Information.

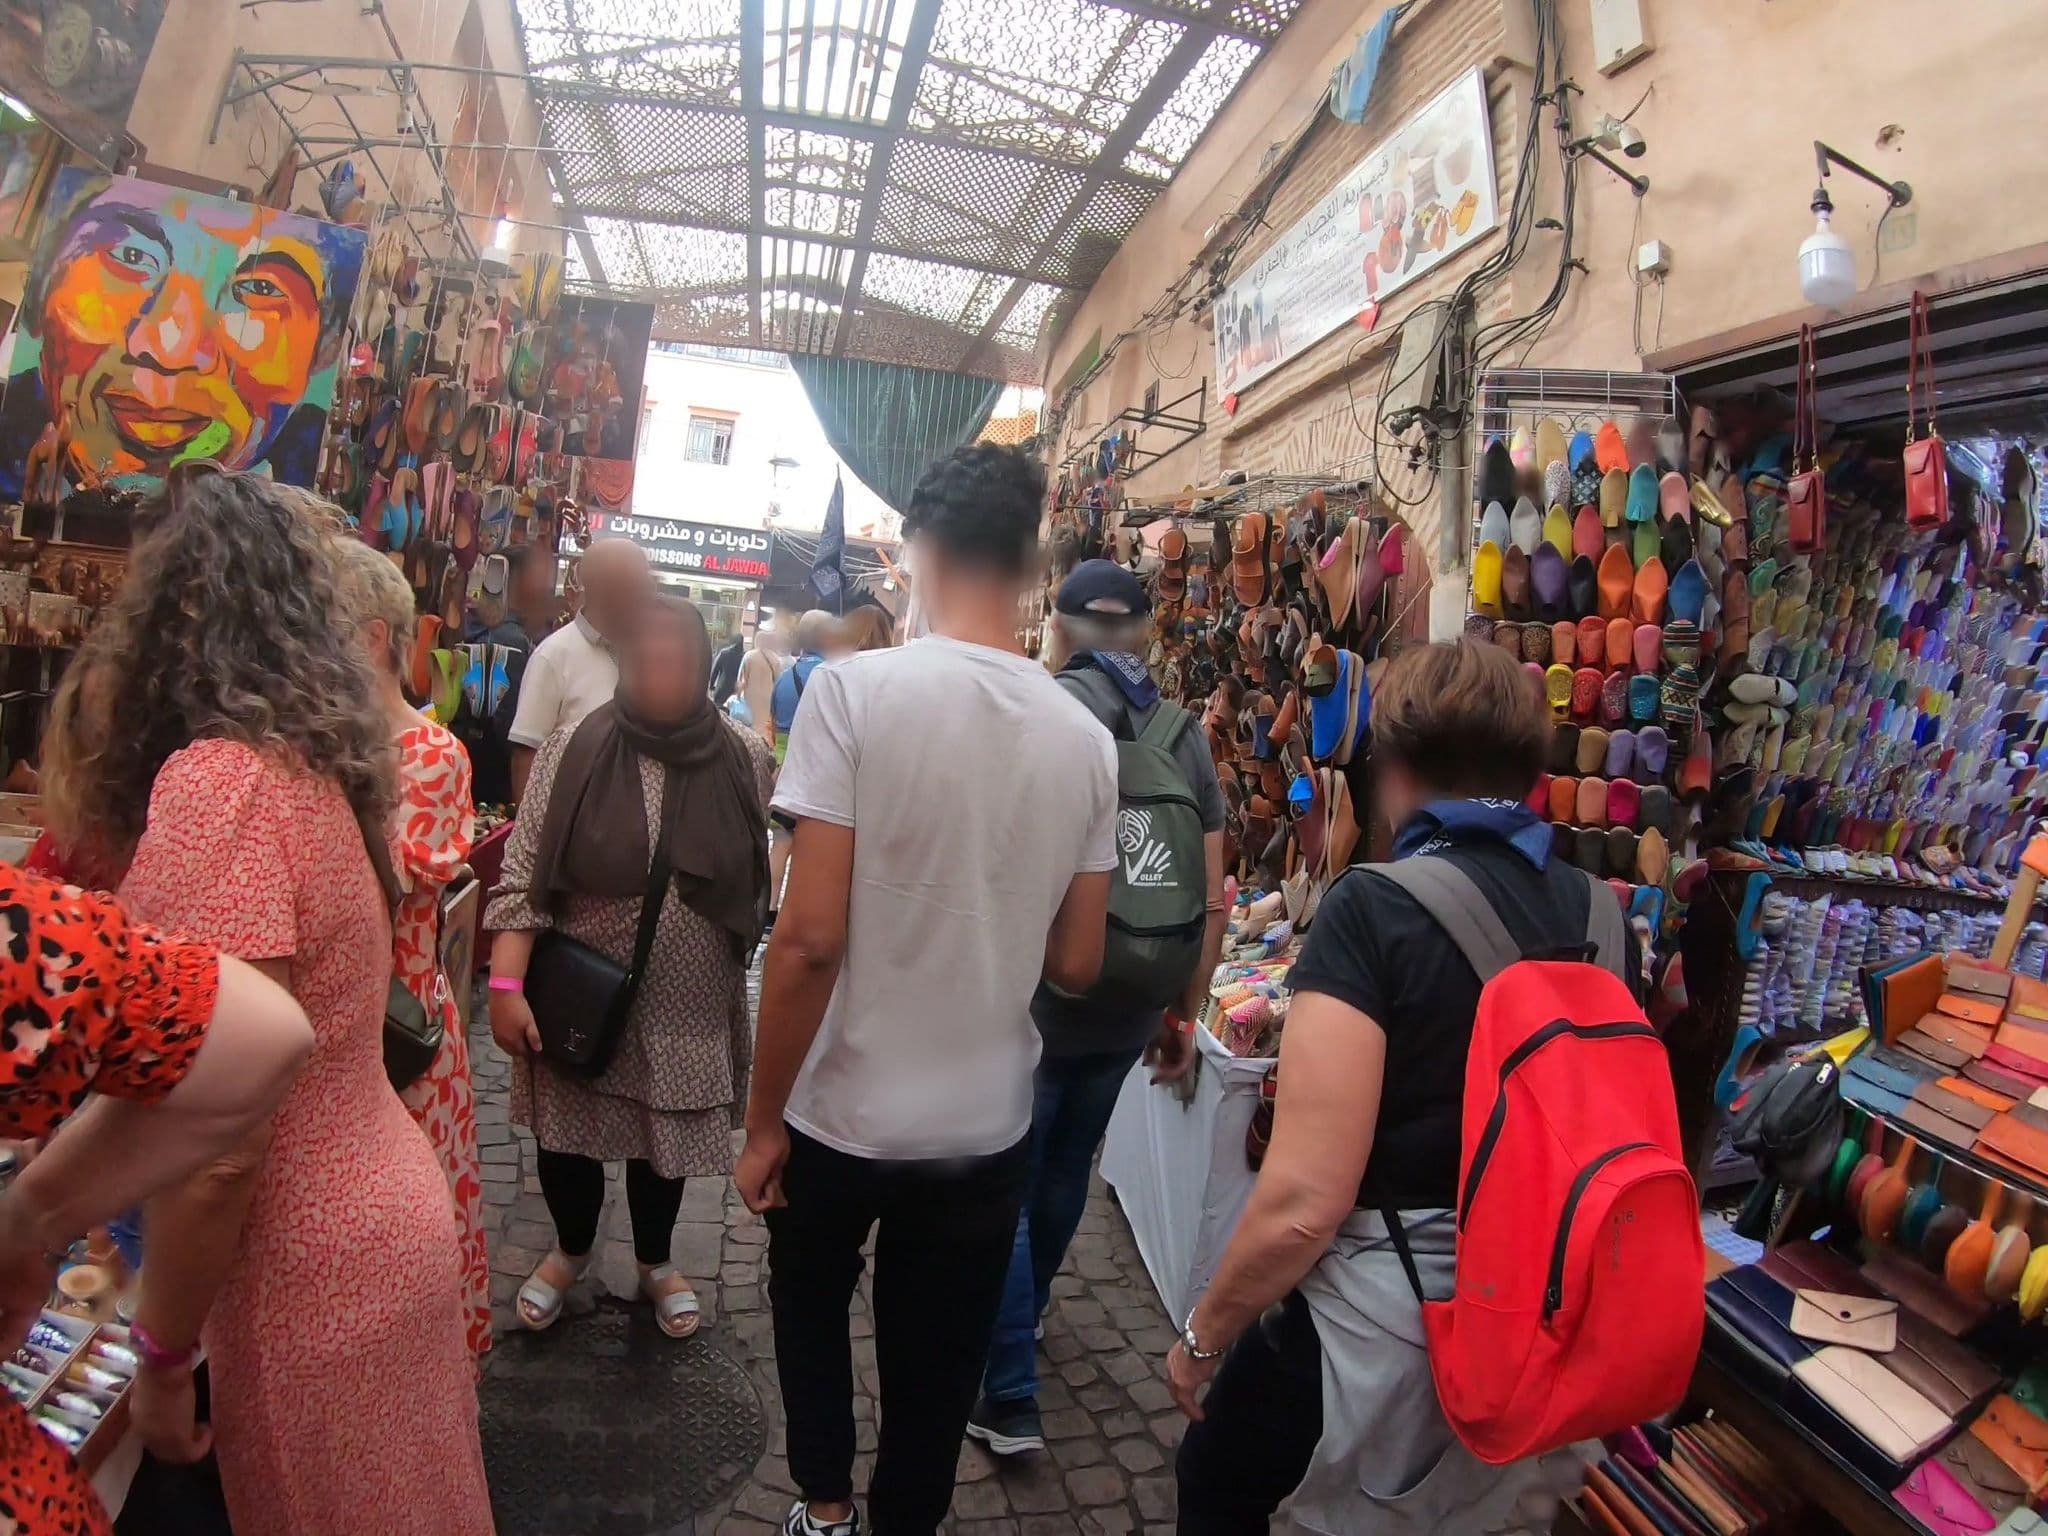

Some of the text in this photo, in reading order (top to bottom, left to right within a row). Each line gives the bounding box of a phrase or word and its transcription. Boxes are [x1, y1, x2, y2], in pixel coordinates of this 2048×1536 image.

[610, 516, 691, 540] مشروبات
[694, 530, 705, 547] و
[709, 527, 768, 552] حلويات
[642, 547, 769, 576] OISSONS AL JAWDA
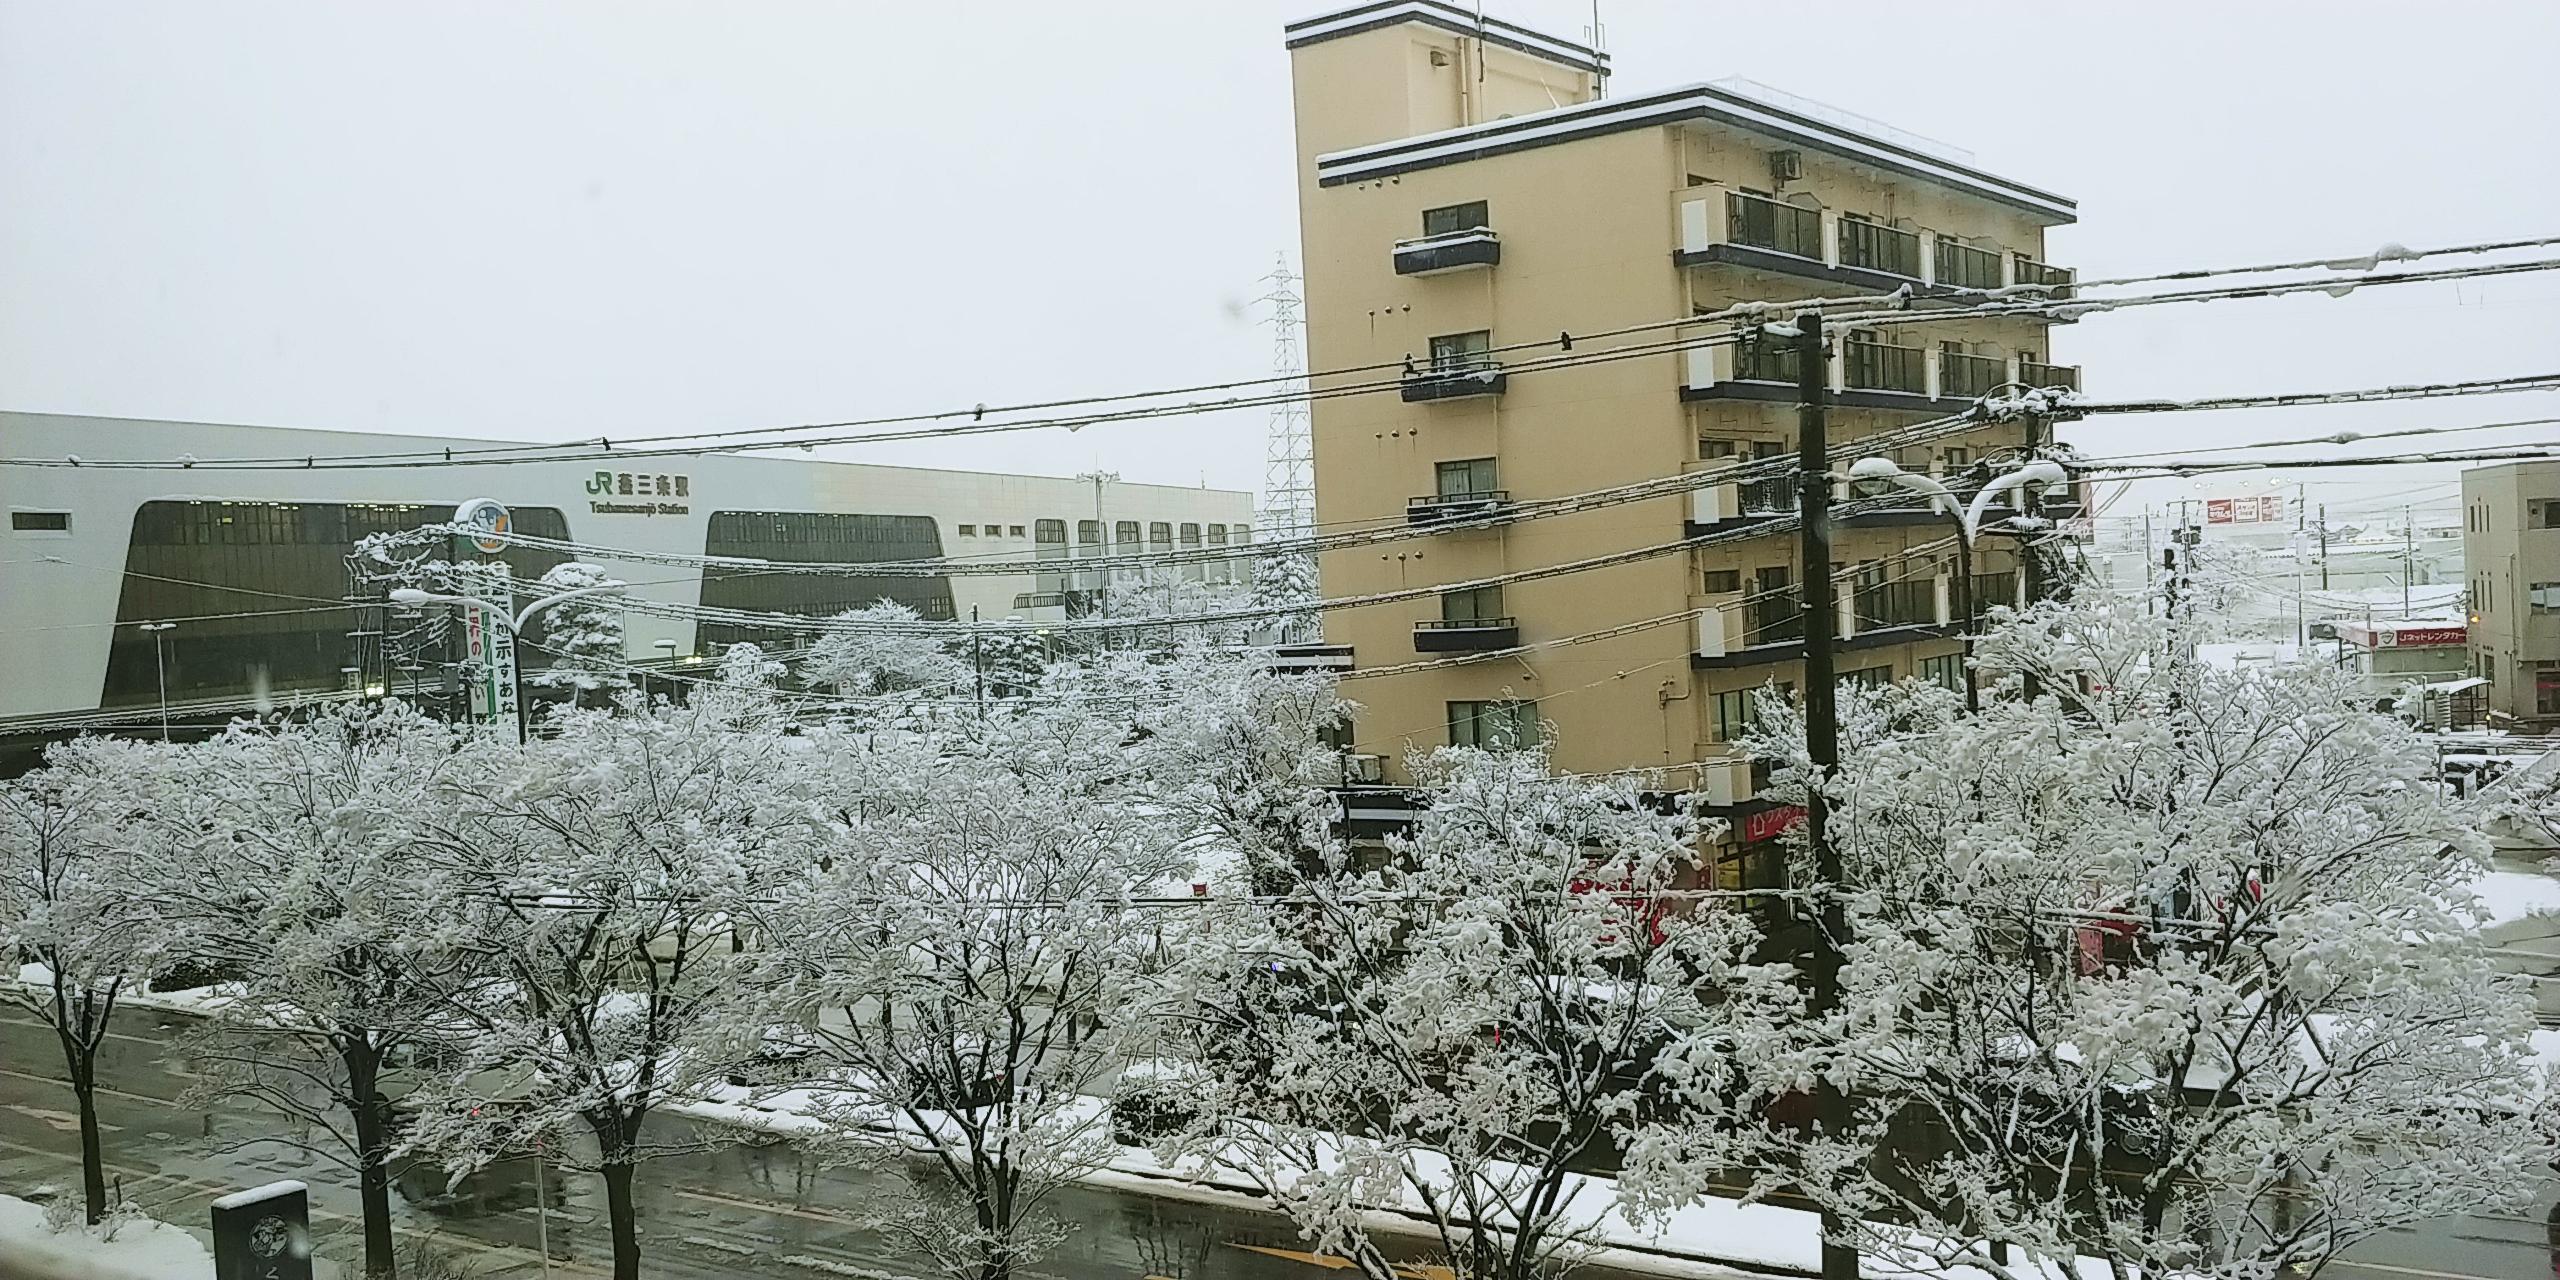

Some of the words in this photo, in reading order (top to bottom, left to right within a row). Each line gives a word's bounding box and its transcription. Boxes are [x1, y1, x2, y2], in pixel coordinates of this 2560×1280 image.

[586, 471, 613, 495] JR
[658, 503, 689, 514] Station
[2400, 631, 2466, 642] Jネットレンタカー

Your goal.
Leave the pictures out and set down the rest of the listing above exactly.

Solution for this exercise.
Some of the text in this photo, in reading order (top to bottom, left to right within a row). Each line gives the bounding box of a phrase or word and its transcription. Boxes are [x1, y1, x2, y2], in pixel coordinates of this 2048×1536 image.

[610, 516, 691, 540] مشروبات
[694, 530, 705, 547] و
[709, 527, 768, 552] حلويات
[642, 547, 769, 576] OISSONS AL JAWDA

Some of the words in this photo, in reading order (top to bottom, left to right within a row). Each line gives a word's bounding box and its transcription. Boxes are [x1, y1, x2, y2], in pixel coordinates of this 2560×1280 image.

[586, 471, 613, 495] JR
[658, 503, 689, 514] Station
[2400, 631, 2466, 642] Jネットレンタカー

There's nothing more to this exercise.